I was just wondering if any of you are also taking pain medication with the Methotrexate? I am on the once/a/week injections and the day after, I feel pretty blah. The Rheumy presribed Lortab 7.5/500 to take as needed but I have been on them for a few years now off and on and I don't feel like they are working as well as they once were.
For example. I got my shot in my arm last night before bed. I wasn't asleep 2 hours when I woke up chilling, my head was hurting, I was achy and I headed straight for the Lortab. I took 2 and went back to bed....within an hour, I was right back up, my whole body was aching and just plain jittery and creepy crawly so I took another one and an Ativan and slept for about 3 more hours and now I've been up since 5:00. This is NO good with a 22 month old who will be ready to go at about 8:30 . I need to try and convince them that I need something else to take. I would like to try one of the patches or something that I didn't have to take so often. I also have NO energy. Any suggestions there ??
Honestly, I am so sick and tired of feeling so bad and being so damn cranky and irritable. My husband makes me mad at the drop of a hat and so does everyone else. I've got to get a handle on this, it's ruining my life. Are any of you taking anti-depressants as well? It's the Holidays, my absolute favorite time of year and I can't be this way, I won't be this way, I need help guys. If so, I'd love to hear from all of you about your experiences, any advice would be so greatly appreciated, I'm soooo sad right now.
One of the side effects of RA is depression and fatigue, yes I am on antidepressants but for the reason I also am BP. The pains you describe at night sounds just like me. I have been put on a Duragesic patch since March of this year and for awhile they really helped, now I am also taking Lortab again with them, I just got a new Rheumy doc and he does not believe anyone should be on the patch for arthrits except in extreame cases and he says my joints shouldn't be at that level yet so I've got to be weaned off them. And let me tell you something that is a scarey thought, I know how it feels when I've forgotten to change the patch after 3 days and it is not fun, so I don't look forward to this weaning process at all. Have you asked your doctor about Bextra, and maybe he needs to put you on Methotrexate, without these two pills I don't think I would have lasted this long. My new doc just raised my MXT to see if he can get my knees and ankles to feel more like mine instead of belonging to some parasites that have knives sticking into them, hopefully this will help get me off the patch. Good luck and let me know what happens.

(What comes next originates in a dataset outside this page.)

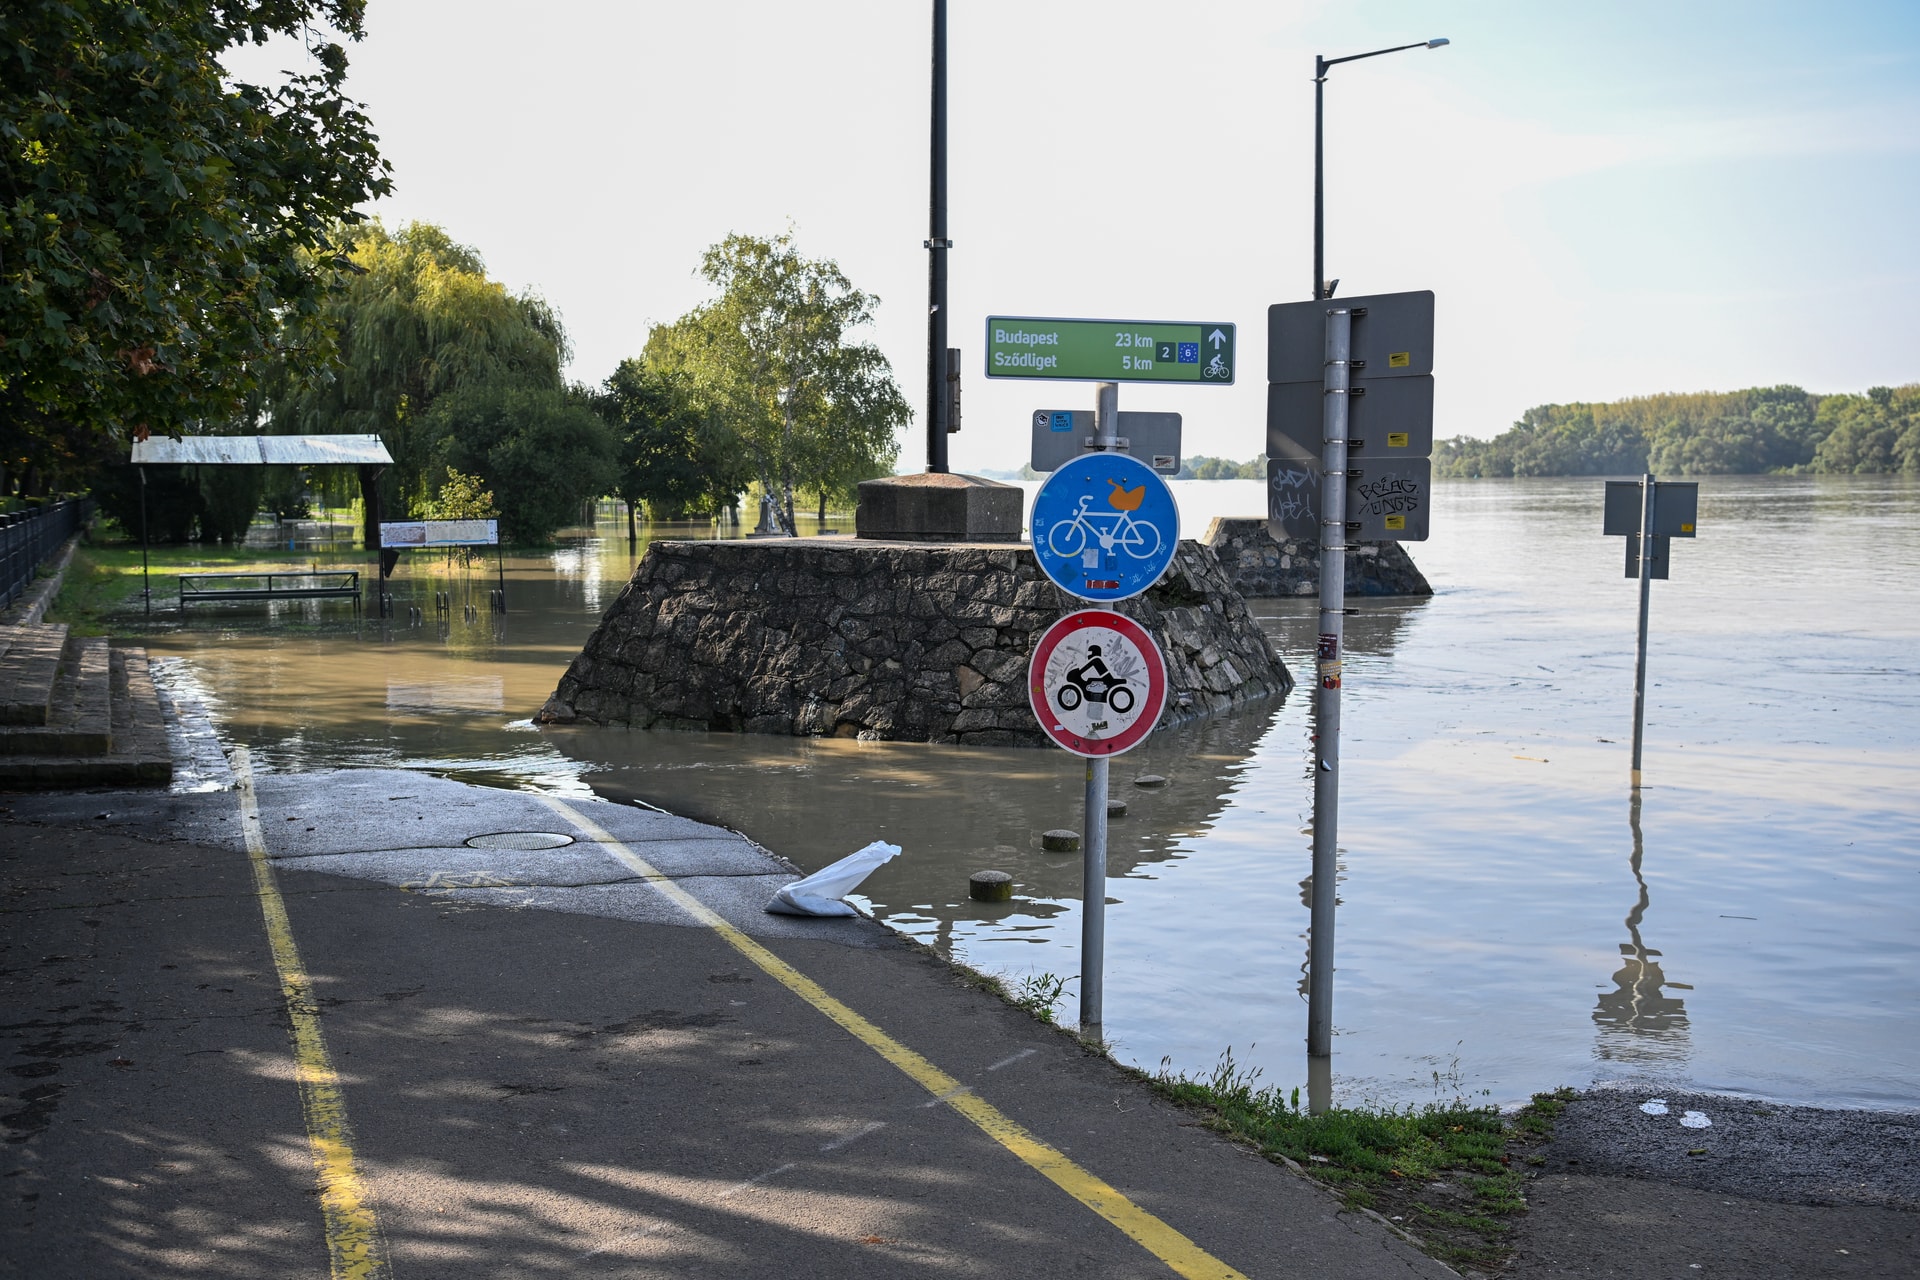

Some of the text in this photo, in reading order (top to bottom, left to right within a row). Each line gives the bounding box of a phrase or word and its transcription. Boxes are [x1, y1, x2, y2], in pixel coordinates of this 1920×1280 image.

Why does he not like to use the patch?
Is it narcotic/addicting?
I REALLY need some relief, and if this isn't addictive I'm going to RUN to a *new* doc tomorrow and BEG for this..
I'm new here, and my arthritis (type unknown/sketchy at best at this time)
is SO not under control.. it came on VERY suddenly one morning just after beginning college--and is getting MUCH worse, very quickly..
I'm borderline incapacitated!
I'm going to copy the latter part of this and make an intro message-just so you know why it's duplicated--as I'm brand new here.